With the present generation of film-goers, Michael Caine is perhaps best known for his role as Alfred in Christopher Nolan’s Batman films. When I was at school, he was better known in the title role in Get Carter (1971) where he played a roughened-up character in stark contrast to his performances as the spy, Harry Palmer, in such films as Funeral in Berlin (1966) or Charlie Croker in The Italian Job (1969). But in this household, his best role has to be as Ebenezer Scrooge which, for us, has become the definitive portrayal of the character in The Muppet Christmas Carol (1991).
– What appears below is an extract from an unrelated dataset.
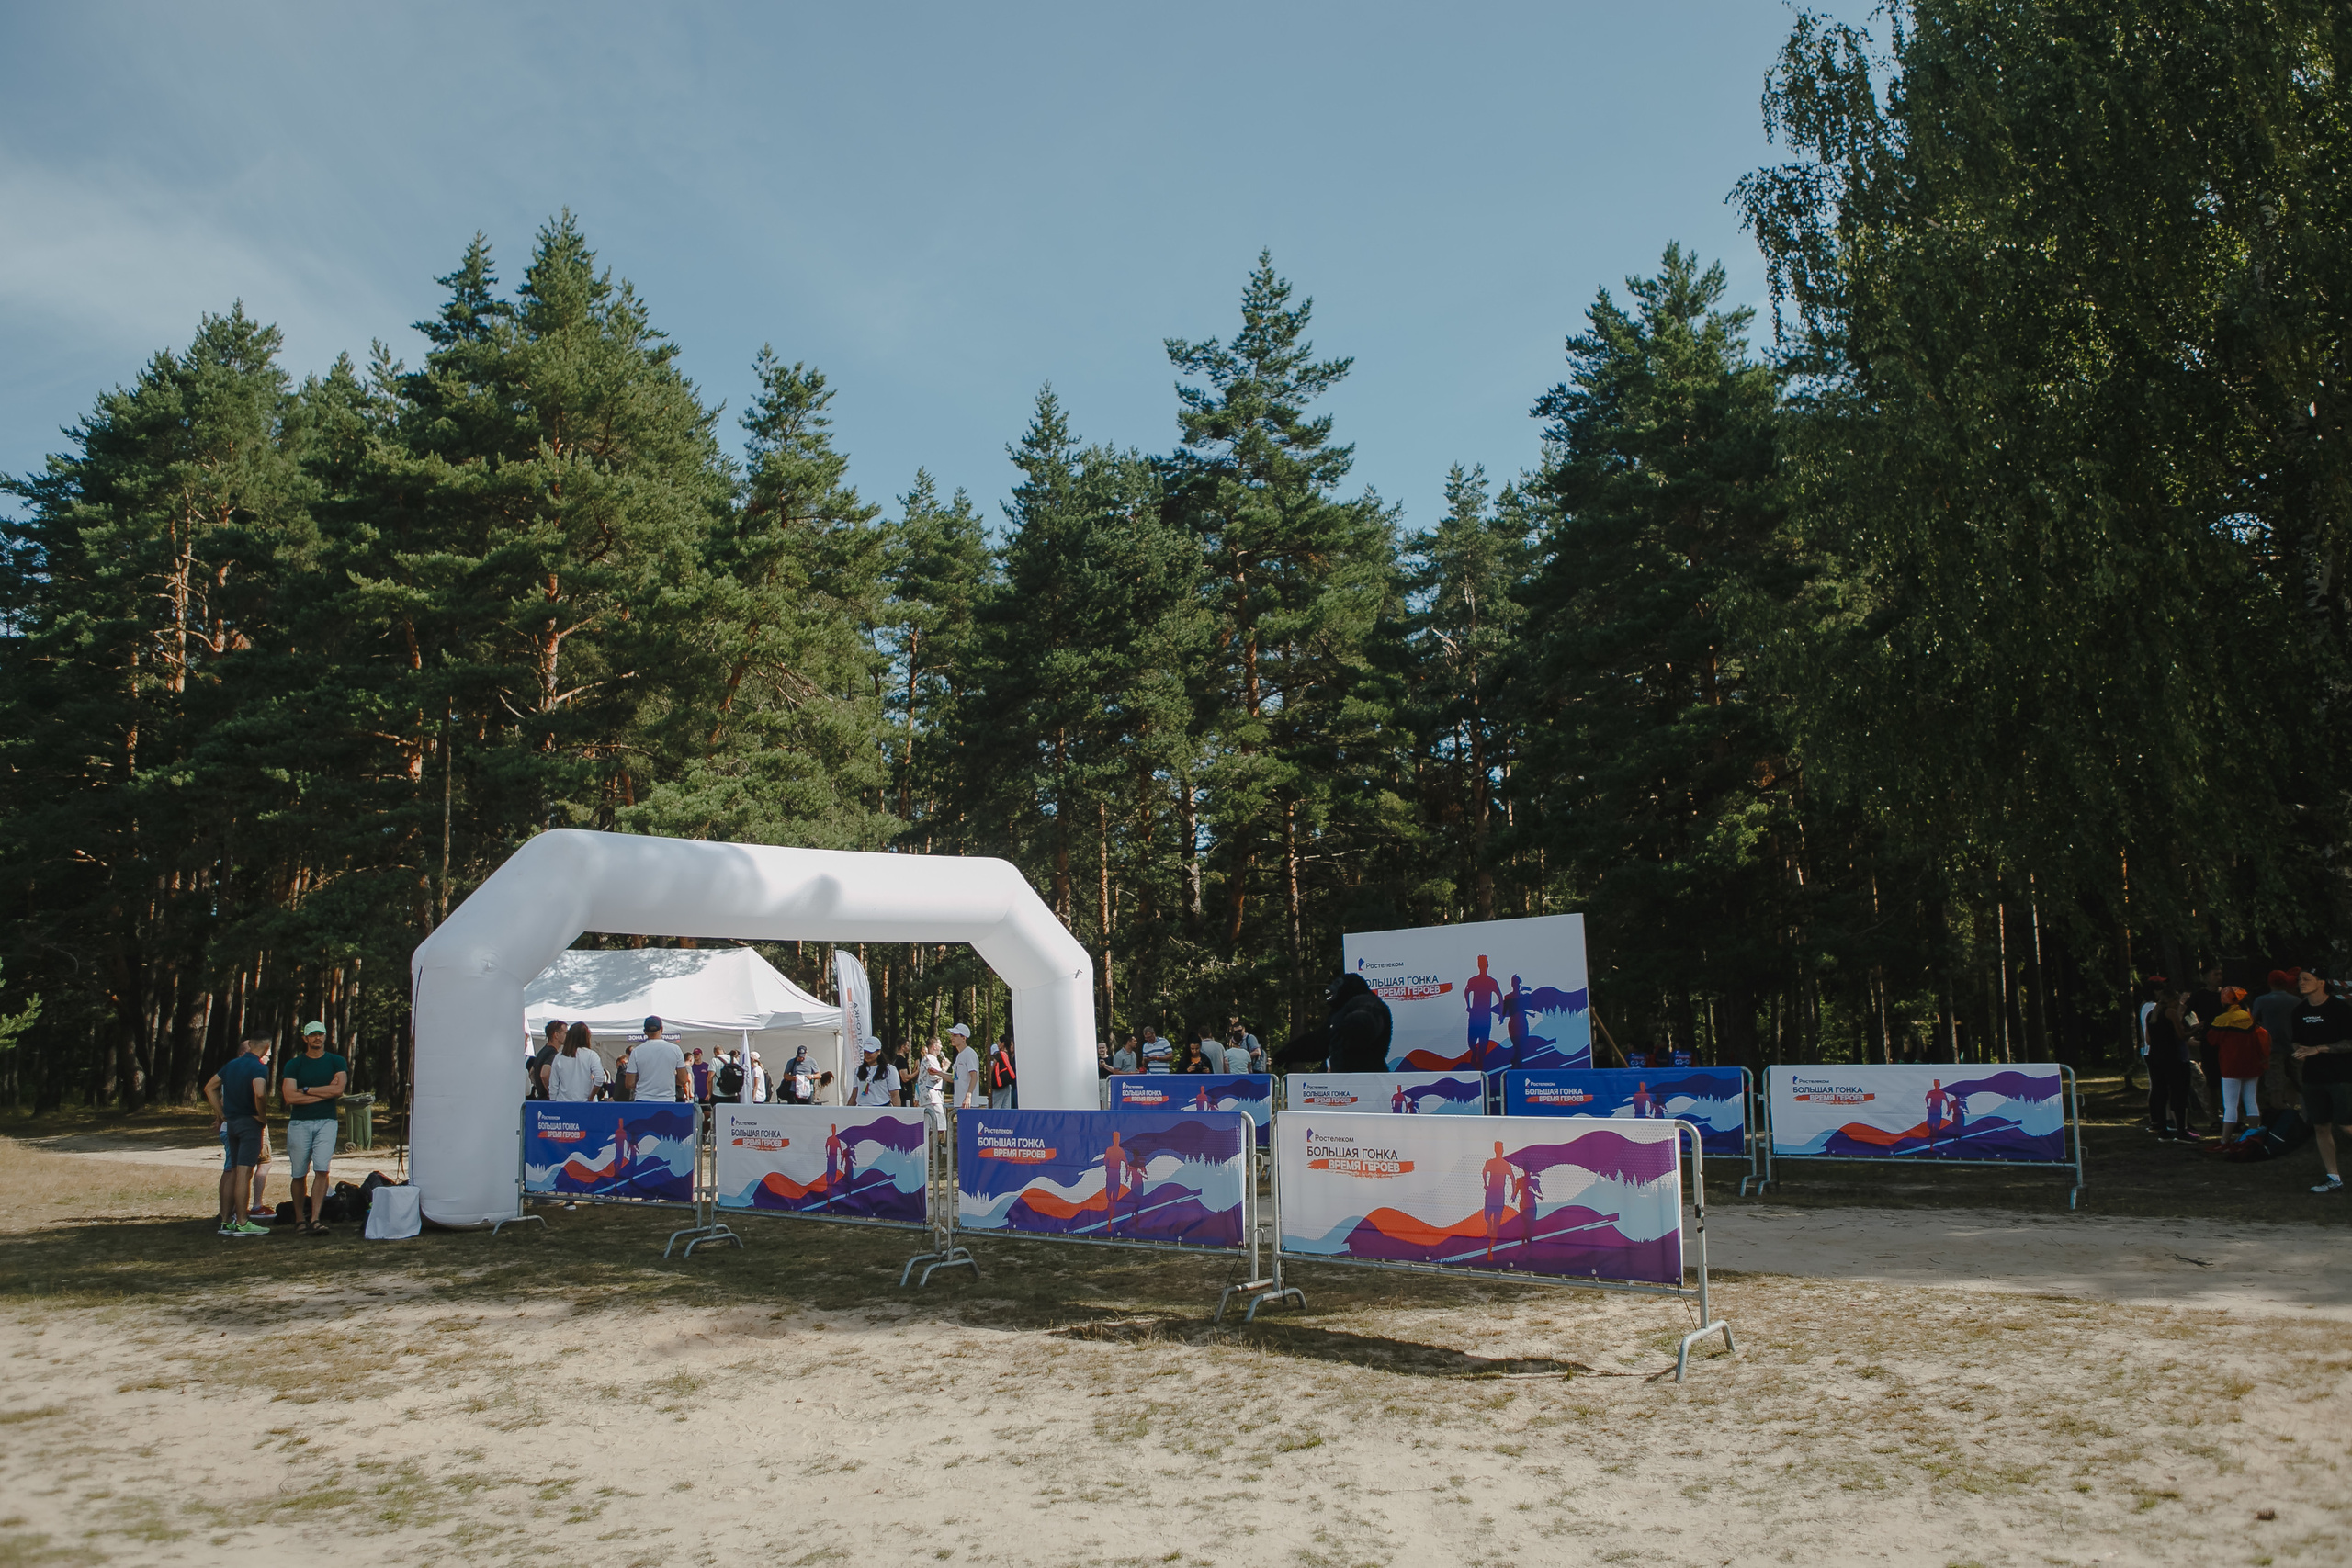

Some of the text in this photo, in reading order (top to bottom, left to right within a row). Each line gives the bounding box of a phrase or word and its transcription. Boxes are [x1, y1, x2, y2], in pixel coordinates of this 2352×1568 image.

We are not big Muppets’ fans (and are wondering why they bothered to murder Queen’s Bohemian Rhapsody), but Caine’s performance with the puppet cast was faultless.
So when anyone mentioned his name, I always thought of him as Scrooge – until last night, that is, after seeing him in Harry Brown (Daniel Barber, 2009), a story about a pensioner who is so sickened by local teenage violence that he takes matters into his own hands.
Apart from this being an example of a well-written film, there is one point that stands out as being relevant to screenwriting, which is that there is nothing new under the sun. No one story can be completely different to anything that has ever been written previously.
Some critics will say that this story has been done before. Well, the premise might be the same, but the characters are not: they have different back-stories, environments, desires and reasons for revenge. What makes Harry Brown so entertaining are the recognisable elements from today’s inner cities, the peripheral characters that form against him, the events that drive an elderly man to act, and the surprise ending – and not forgetting stunning supporting performances from every member of the cast.
This is Michael Caine at his best (well, after Scrooge).